## AVAILABLE DATA
──────────────────────────────
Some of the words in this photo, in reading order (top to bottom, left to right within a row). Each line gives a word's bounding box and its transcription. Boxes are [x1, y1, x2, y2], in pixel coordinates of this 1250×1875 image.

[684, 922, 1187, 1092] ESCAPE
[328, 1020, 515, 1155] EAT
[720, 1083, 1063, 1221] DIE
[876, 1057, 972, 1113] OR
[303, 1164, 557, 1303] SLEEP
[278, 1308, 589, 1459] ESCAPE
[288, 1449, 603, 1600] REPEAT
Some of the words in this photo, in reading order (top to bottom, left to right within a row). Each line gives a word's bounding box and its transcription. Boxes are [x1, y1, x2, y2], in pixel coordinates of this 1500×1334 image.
──────────────────────────────
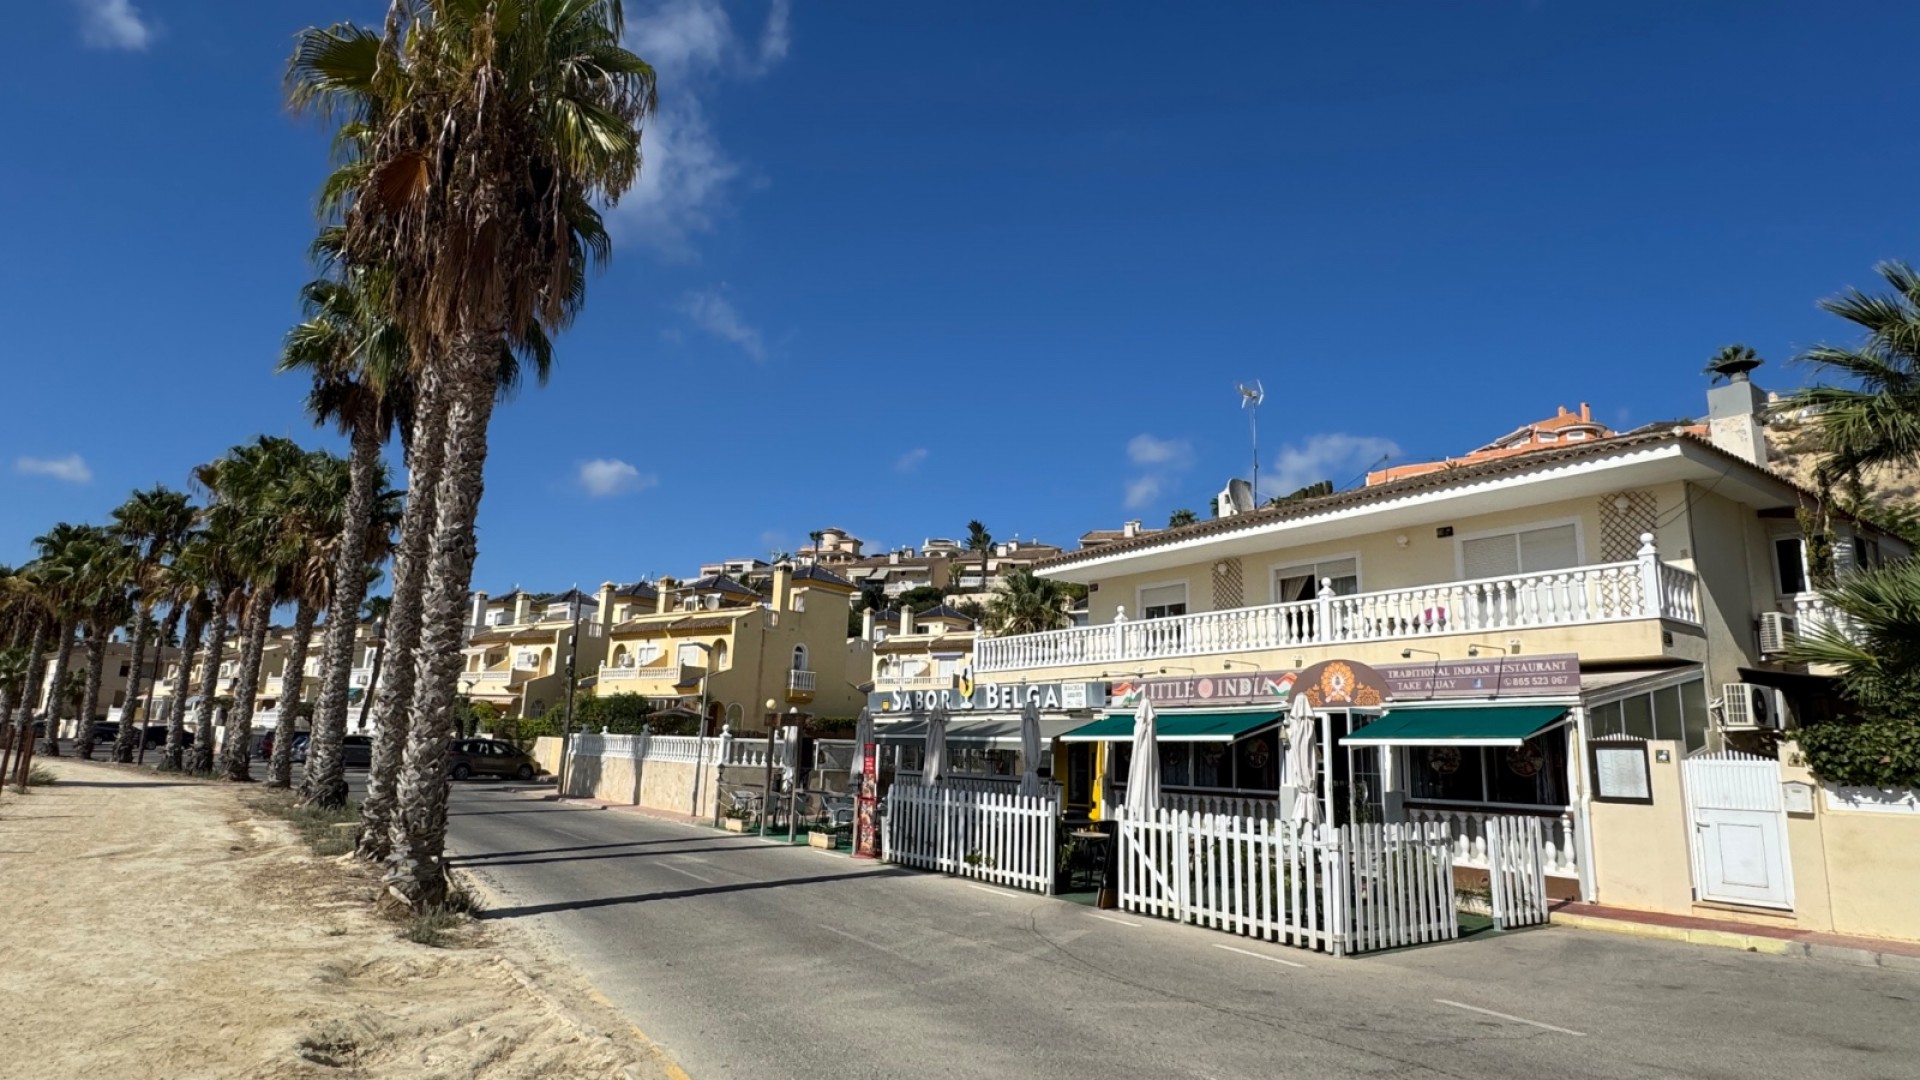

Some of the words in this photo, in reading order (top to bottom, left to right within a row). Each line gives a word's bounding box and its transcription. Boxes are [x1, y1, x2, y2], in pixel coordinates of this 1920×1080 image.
──────────────────────────────
## ACTION ITEM
Working from the material above, retype exactly the lines from the one with "this 1250×1875 image." through the one with "this 1500×1334 image.", both included, and only those lines.

## ANSWER TO THE PROBLEM
Some of the words in this photo, in reading order (top to bottom, left to right within a row). Each line gives a word's bounding box and its transcription. Boxes are [x1, y1, x2, y2], in pixel coordinates of this 1250×1875 image.

[684, 922, 1187, 1092] ESCAPE
[328, 1020, 515, 1155] EAT
[720, 1083, 1063, 1221] DIE
[876, 1057, 972, 1113] OR
[303, 1164, 557, 1303] SLEEP
[278, 1308, 589, 1459] ESCAPE
[288, 1449, 603, 1600] REPEAT
Some of the words in this photo, in reading order (top to bottom, left to right within a row). Each line gives a word's bounding box and its transcription. Boxes are [x1, y1, x2, y2], in pixel coordinates of this 1500×1334 image.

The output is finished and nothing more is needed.